For starters, the mailers urge Oakland residents to call councilmembers and voice their concerns about the cops’ layoff plan before a “Tuesday, June 29th” vote. But the council already voted for the cops’ layoff plan on June 24 — before the mailers had even arrived in peoples’ mailboxes. In fact, there is no City Council meeting on June 29 (today). It was canceled last week, before the mailers hit Oakland.
In addition, the mailers target Councilwomen Rebecca Kaplan and Desley Brooks, criticizing them, along with Councilwomen Jean Quan and Pat Kernighan, for the Oakland cops’ layoff plan and the city’s financial woes. However, Kaplan and Brooks voted against the cop layoffs on June 24 — again, before the mailers arrived in Oakland.
In other words, if the purpose of the mailers was to convince residents to put pressure on the council to not vote for the cop layoffs, then the hit pieces completely missed the mark. Pathetic and amateurish are two words that immediately come to mind.
Not surprisingly, Larry Tramutola, Perata’s campaign manager, distanced himself from the mailers, telling the Express in an interview that the former senator was not involved with them. Still, there is no denying that Perata has close ties to the group behind the mailers — Coalition for a Safer California.
That group is funded primarily by the California Correctional Peace Officers’ Association, which gave it $100,000. As this newspaper reported last week, the prison guard’s union has paid Perata at least $350,000 in the past seventeen months for work as a “campaign consultant,” even though it has mounted no political campaigns. Perata has long had ties to the prison guard’s union, and helped protect it from budget cuts while he was state Senate president pro tem. The prison guard’s union also is Perata’s only political campaign client.
Coalition for a Safer California also is co-run by Paul Kinney, a Sacramento political operative whose son, Jason Kinney, has been one of Perata’s longtime spokesmen. The group’s headquarters is Paul Kinney’s Sacramento offices.
In addition, other contributors to the group include longtime Perata supporters and campaign donors, including Foster Interstate Media, which is owned by the ex-senator’s close friend John Foster. Foster gave the group $25,000. Perata friend Ronald Dreisbach donated $10,000 to the group. Oakland lobbyist and Perata supporter Carlos Plazola and his business partner Laura Blair donated a total of $5,000.
Tramutola also said Perata had nothing to do with last week’s robocalls from the Oakland police union that attacked Quan, who is also running for mayor this year. It should be noted that the robocalls also contained inaccurate information. They blamed Quan for the city’s budget problems, noting that she is the council’s budget chair.

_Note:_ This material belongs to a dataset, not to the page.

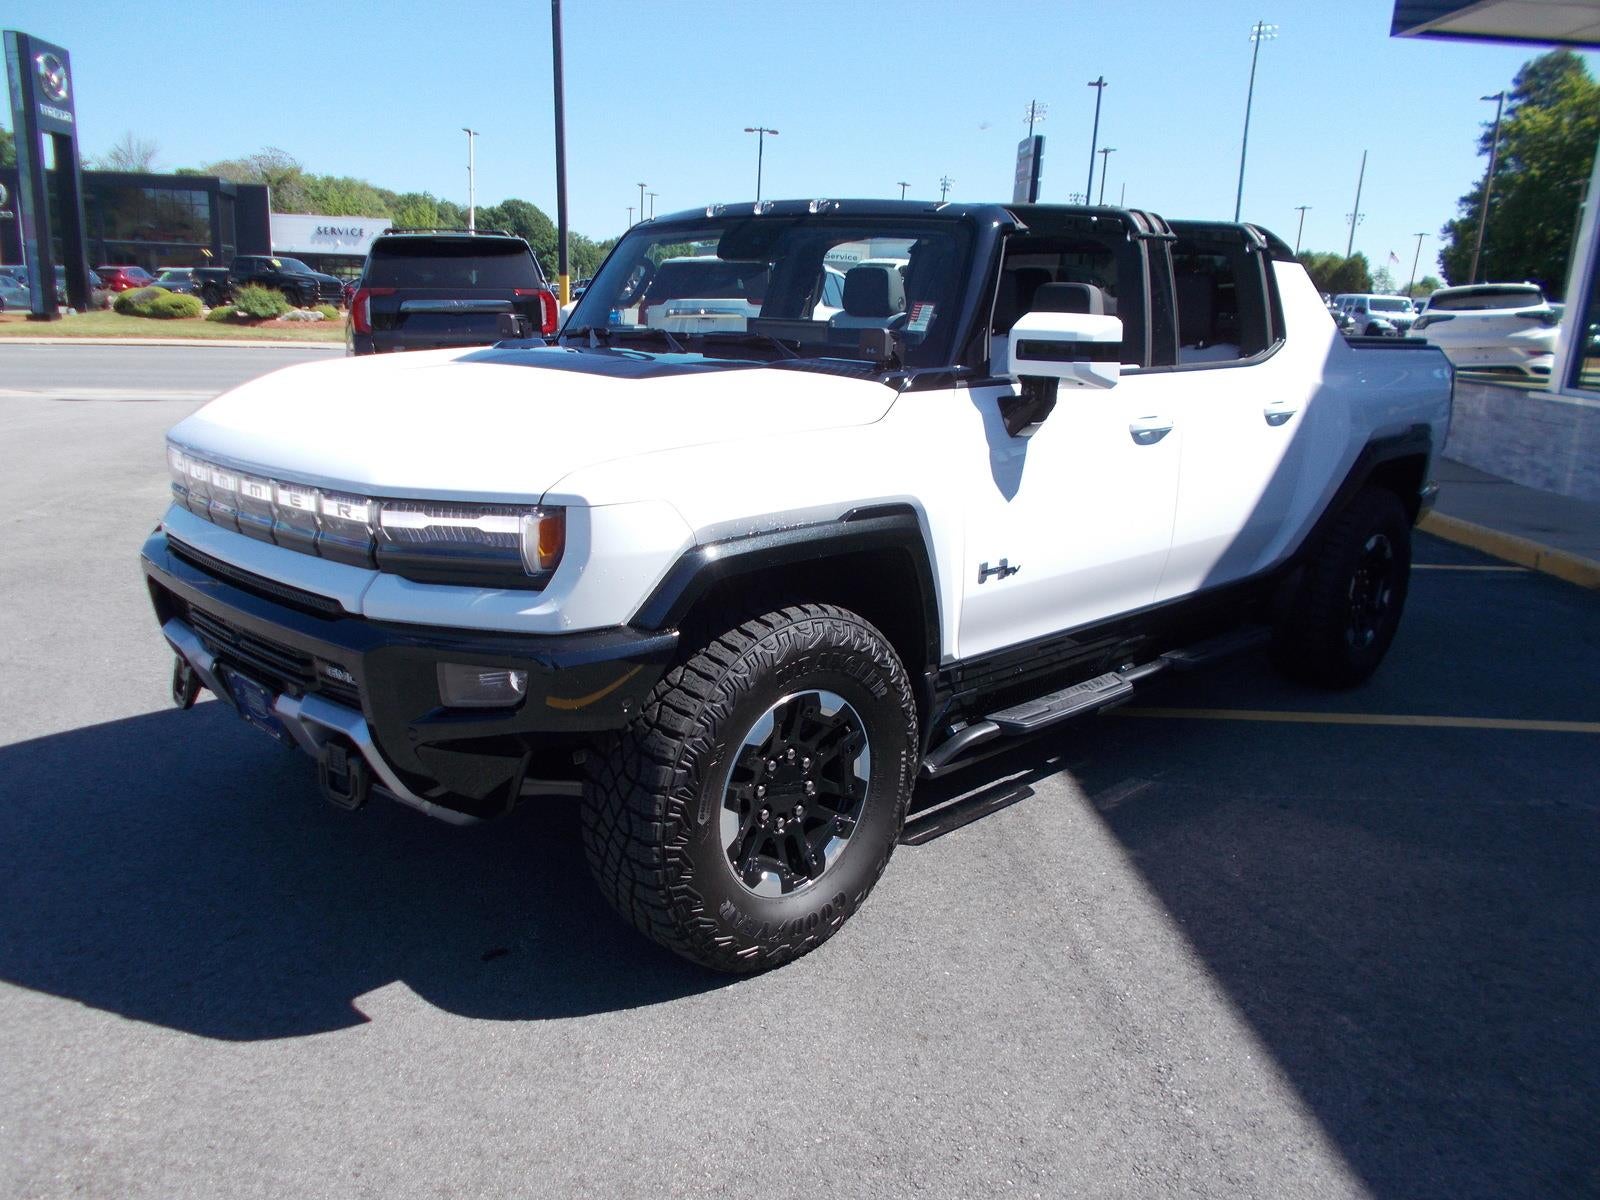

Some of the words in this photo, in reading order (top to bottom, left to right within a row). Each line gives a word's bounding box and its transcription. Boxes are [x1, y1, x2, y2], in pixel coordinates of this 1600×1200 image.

However, most City Hall observers agree that Oakland’s financial problems are primarily due to the recession and to generous employee wage, benefit, and pension packages approved by the council before the economic downturn.
Finally, as previously reported, the robocalls also alleged that Quan had refused to consider budget cuts other than police layoffs, when in fact, she and Kernighan, along with council President Jane Brunner and Councilman Ignacio De La Fuente, had proposed nearly $19 million budget-balancing measures, including cuts unrelated to the layoffs, prior to the robocalls going out.